RECORDS Start Marker

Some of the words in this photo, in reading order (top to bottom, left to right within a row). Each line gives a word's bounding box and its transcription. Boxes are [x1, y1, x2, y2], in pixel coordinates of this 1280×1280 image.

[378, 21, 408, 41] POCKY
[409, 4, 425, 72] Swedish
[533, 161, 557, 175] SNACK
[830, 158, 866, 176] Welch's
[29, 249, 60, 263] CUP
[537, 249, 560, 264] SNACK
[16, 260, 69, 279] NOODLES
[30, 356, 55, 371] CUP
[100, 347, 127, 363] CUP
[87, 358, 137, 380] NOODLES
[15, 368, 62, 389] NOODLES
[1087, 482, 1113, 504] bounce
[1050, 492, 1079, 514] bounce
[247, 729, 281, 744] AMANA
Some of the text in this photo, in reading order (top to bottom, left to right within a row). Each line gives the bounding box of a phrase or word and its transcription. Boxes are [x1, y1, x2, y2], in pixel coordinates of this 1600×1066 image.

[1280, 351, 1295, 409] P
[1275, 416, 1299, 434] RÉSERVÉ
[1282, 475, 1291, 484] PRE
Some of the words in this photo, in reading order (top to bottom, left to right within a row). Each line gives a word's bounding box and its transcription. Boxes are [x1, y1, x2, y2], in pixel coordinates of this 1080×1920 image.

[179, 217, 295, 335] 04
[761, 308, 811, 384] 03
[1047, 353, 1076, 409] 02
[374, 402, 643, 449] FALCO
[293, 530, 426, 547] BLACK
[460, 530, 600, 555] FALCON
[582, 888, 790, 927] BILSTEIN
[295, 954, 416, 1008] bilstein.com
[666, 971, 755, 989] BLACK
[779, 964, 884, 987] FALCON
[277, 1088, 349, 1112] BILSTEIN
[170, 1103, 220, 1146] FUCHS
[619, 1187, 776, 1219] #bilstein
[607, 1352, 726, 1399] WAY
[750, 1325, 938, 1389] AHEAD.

RECORDS End Marker

PROBLEM STATEMENT: Once the line containing "this 1080×1920 image." is found in the listing above, set down that line and every line after it, exactly.

COMPLETED TASK:
Some of the words in this photo, in reading order (top to bottom, left to right within a row). Each line gives a word's bounding box and its transcription. Boxes are [x1, y1, x2, y2], in pixel coordinates of this 1080×1920 image.

[179, 217, 295, 335] 04
[761, 308, 811, 384] 03
[1047, 353, 1076, 409] 02
[374, 402, 643, 449] FALCO
[293, 530, 426, 547] BLACK
[460, 530, 600, 555] FALCON
[582, 888, 790, 927] BILSTEIN
[295, 954, 416, 1008] bilstein.com
[666, 971, 755, 989] BLACK
[779, 964, 884, 987] FALCON
[277, 1088, 349, 1112] BILSTEIN
[170, 1103, 220, 1146] FUCHS
[619, 1187, 776, 1219] #bilstein
[607, 1352, 726, 1399] WAY
[750, 1325, 938, 1389] AHEAD.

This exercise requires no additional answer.